Cuando Winnie volvía por la noche y veía que Blacky había desaparecido, esperaba su regreso a la mañana siguiente. Sin embargo, los días pasaban y aparecía al mes siguiente, por lo que suponía que aquellos muchachos excesivamente interesados en el fantasma de su calle habían vuelto a asustarle. ‘Gente aburrida’, imaginaba Winnie. Lo pensaba sabiendo que era ella quien seguía al viejo Nic, observando sus gestos en el metro a la hora de sacar de su cartera el billete que ya tenía comprado y que tenía validez durante un mes para un viaje de ida y vuelta al día. Se daba cuenta de que sus pensamientos resultaban contradictorios, pero se trataba de un hecho que no tenía importancia.
Hacía poco, el chico que controlaba que en el metro no se produjera ningún conflicto, el de seguridad, le preguntó si pensaba comprarse algún día un billete y utilizar de forma adecuada el transporte. Sin embargo, ella no lo utilizaba. Se dedicaba a sentarse en el banco que miraba hacia el tren que vendría y cuando todo el mundo entraba en él y la zona se quedaba vacía, todavía seguía aguardando allí hasta que se ponía en marcha el vehículo. Ante la interrogación tan inesperada por parte del hombre, que aparentaba unos pocos años más que ella (y era tan delgado como Winnie), le dio un par de libras que había cogido aleatoriamente de su bolsillo y esperó que se fuera satisfactorio dejándola en paz. En cambio, el chico de seguridad no se mostró para nada complacido y no logró entender el mensaje del dinero. A pesar de ello, no le devolvió las libras; se las quedó y le invitó más tarde a tomar algo. Aquello no tenía nada de romántico: se trataba del dinero de Winnie que el guardia había aceptado pretendiendo realizar un bonito gesto.
— ¿Seguro que no te apetece nada? —Al que le apetecía tomarse algo era el guardia, desde luego. Sin duda, su estrategia era tan útil para él como lo era para Winnie el tren que nunca cogía.
No cogía el tren por la simple razón de que no se atrevía. Nunca había sido una persona demasiado aventurera, pero el hecho de no atreverse a hacerlo se debía también a una cuestión exterior. Había pasado un tiempo desde que averiguó que Nic seguía viviendo en el mismo barrio en que había vivido siempre, aunque no en la misma casa. Él todavía no se percataba de que alguien le seguía, y aquello era un punto a favor para la acosadora. Aun así, verdaderamente, no era una acosadora con malas intenciones.
— ¿La infusión de manzanilla y la empanadilla?
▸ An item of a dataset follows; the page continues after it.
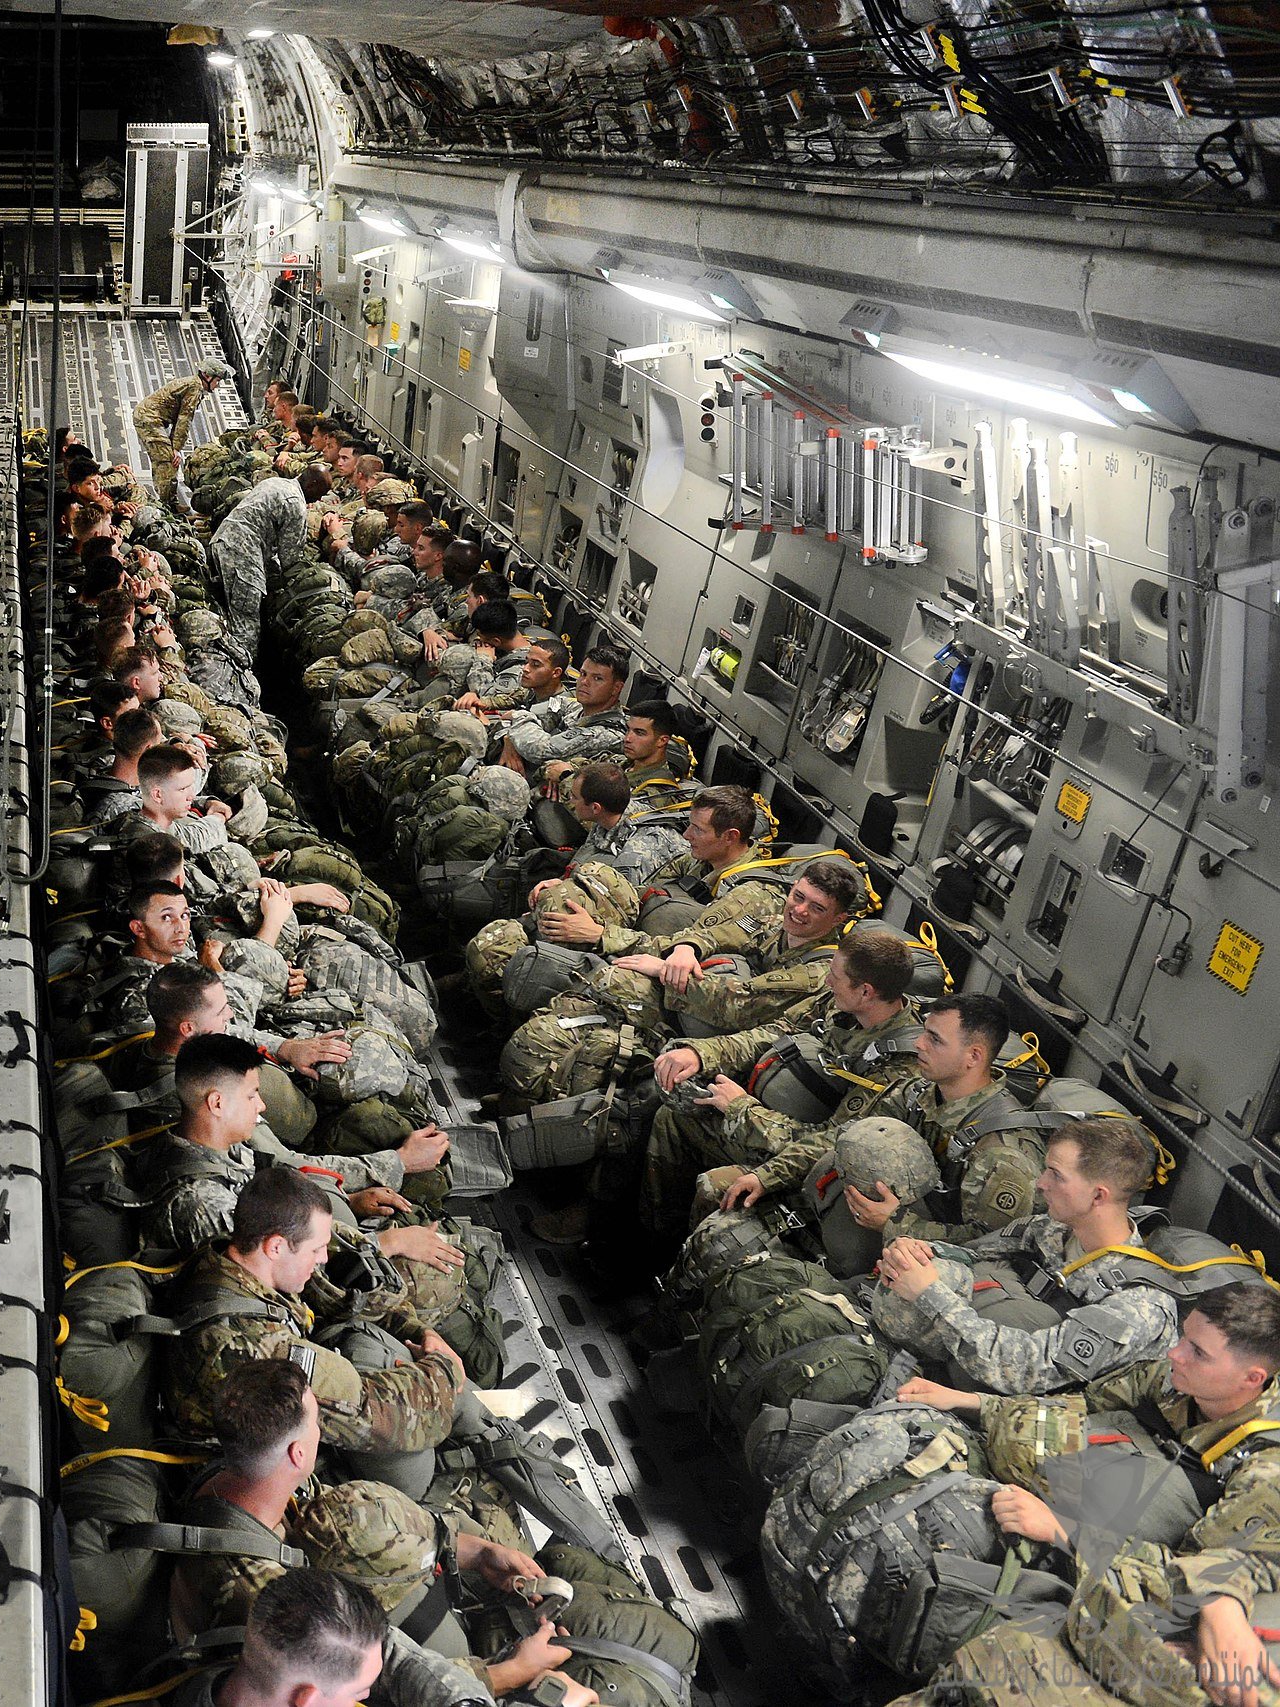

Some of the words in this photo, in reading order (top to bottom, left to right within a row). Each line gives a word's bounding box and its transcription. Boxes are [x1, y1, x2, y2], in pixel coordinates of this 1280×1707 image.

—Lo de siempre. —Le devolvía la sonrisa a Carol, la camarera que siempre le atendía en el café.
Así eran las conversaciones de Winnie casi cada día de su vida en el café. Carol nunca le decía nada nuevo, no era su amiga a pesar de tener la misma edad, por lo que su estancia en el recinto resultaba un poco incómoda a la vez que poco duradera.
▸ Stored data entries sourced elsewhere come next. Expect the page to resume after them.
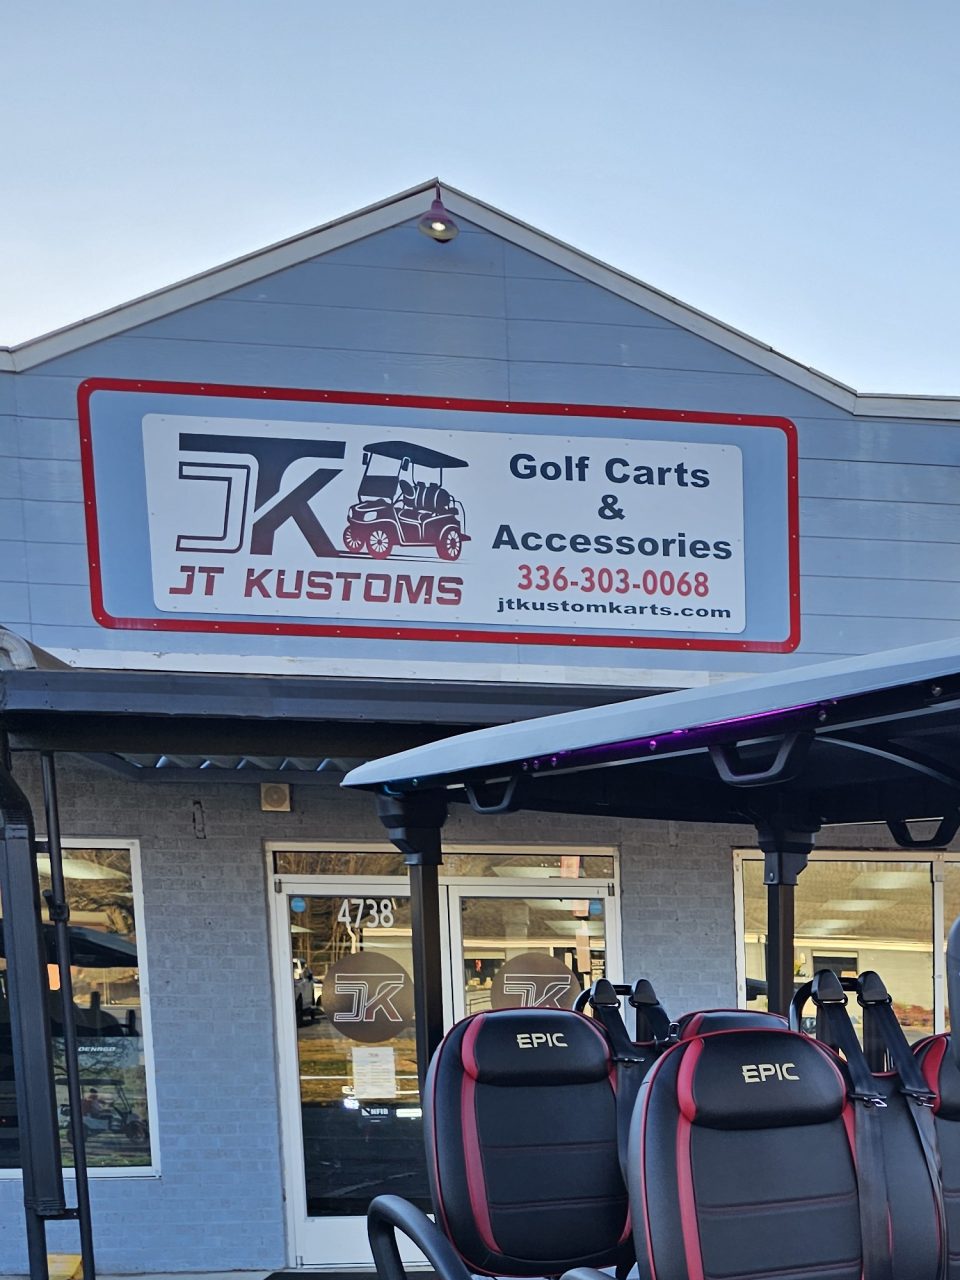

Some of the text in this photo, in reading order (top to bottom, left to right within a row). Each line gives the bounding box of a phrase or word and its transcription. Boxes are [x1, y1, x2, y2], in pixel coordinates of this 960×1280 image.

[509, 454, 711, 489] Golf Carts
[597, 495, 626, 520] &
[491, 525, 733, 560] Accessories
[169, 565, 465, 607] JT KUSTOMS
[517, 565, 711, 598] 336-303-0068
[497, 598, 733, 620] jtkustomkarts.com
[337, 898, 395, 929] 4738
[516, 1032, 569, 1049] EPIC
[741, 1062, 800, 1083] EPIC
Luego, estaba el asunto de su trabajo. Trabajaba de noche en un restaurante famoso e impregnado de un ambiente juvenil y clásico al mismo tiempo. Era elegante, pero no demasiado. Cerraban a las doce, aunque no sabía el por qué, puesto que la gente ya comenzaba a irse cerca de las once y los empleados se pasaban el resto del tiempo jugando a las cartas entre ellos. Winnie jugaba de vez en cuando, sin apostar nada significativo. La diversión estaba asegurada con su compañero Terry, el cual no era del todo un amigo. Aun así, a Winnie le apetecía convencerse a sí misma que gozaba de una buena amistad, así que ella lo consideraba como un amigo al cual apreciaba bastante.
Terry se llevaba muy bien con todos los empleados del restaurante. Le encantaba trabajar en The Essence. El nombre del sitio en cuestión tenía tanta esencia como el propietario que lo eligió. Winnie y Terry creían con total seguridad que Jack pensó en vender un perfume desde el principio, pero al no darse lugar esta opción, no tuvo más remedio que abrir un restaurante (el plan B) con el nombre que siempre quiso ponerle a su perfume inexistente. La gente bromeaba con que, realmente, el restaurante olía muy bien, y no se equivocaban. Winnie se encargaba de cocinar los postres, y se le daba tan bien como acosar a Nic. Quizás una manera de poder presentarse ante él era con una tarta de chocolate, así el encuentro resultaría más ameno.
…
Hacía un tiempo que Sito no pisaba el suelo siempre limpio y brillante de aquella especie de templo que tanto odiaba. Más que un templo se trataba de una academia, un instituto religioso al que acudía por pura obligación. Sus padres lo habían llevado allí ante la situación descontrolada de su hijo. Elsa, la madre, lo tenía completamente claro: necesitaba un ambiente en que fuera instruido y en el que pudiera adoptar los valores que en un futuro agradecería haber aprendido. El caso es que a Andrés no le gustaba la enseñanza impartida por los profesores que creían en la religión del jainismo. Nunca antes había escuchado algo acerca de esa religión, pero no se trataba de una doctrina demasiado distinta respecto a otras como el hinduismo o el sijismo. La rebeldía del hijo de Elsa y Robin no era adecuada para ellos, ni para la sociedad en general. ¿Se transformaría acaso en el maleante llamado Michael Daniels que hacía años había huido de su misma zona de vivienda? Quizás el hecho de que Sito se relacionara con la hija de Daniels le hubiera influido de manera negativa. Pero, la hija, Maeve, no parecía mala persona. Sin embargo, para algunos vecinos lo era. Elsa no podía verla del mismo modo en que lo hacía la gente cercana; no podía hacerlo después del regalo que le había hecho: la poltrona que siempre había buscado y que iba a favorecer el aspecto de su hogar de buena manera. Elsa era una decoradora de casas y también le apasionaba el diseño, por lo que sabía apreciar aquel detalle tan valioso para ella de parte de la amiga de su hijo. Gracias a Maeve, Andrés tenía que lidiar con que su familia le apodase Andresito, debido a que su amiga parecía una niñera que trataba de evitar que se comportara como un sublevado, o simplemente se trataba de una persona que lo cuidaba mucho. Sito fingía que le molestaba que lo llamaran así, pero en el fondo le hacía gracia y había conseguido un apodo que tenía en alta estima.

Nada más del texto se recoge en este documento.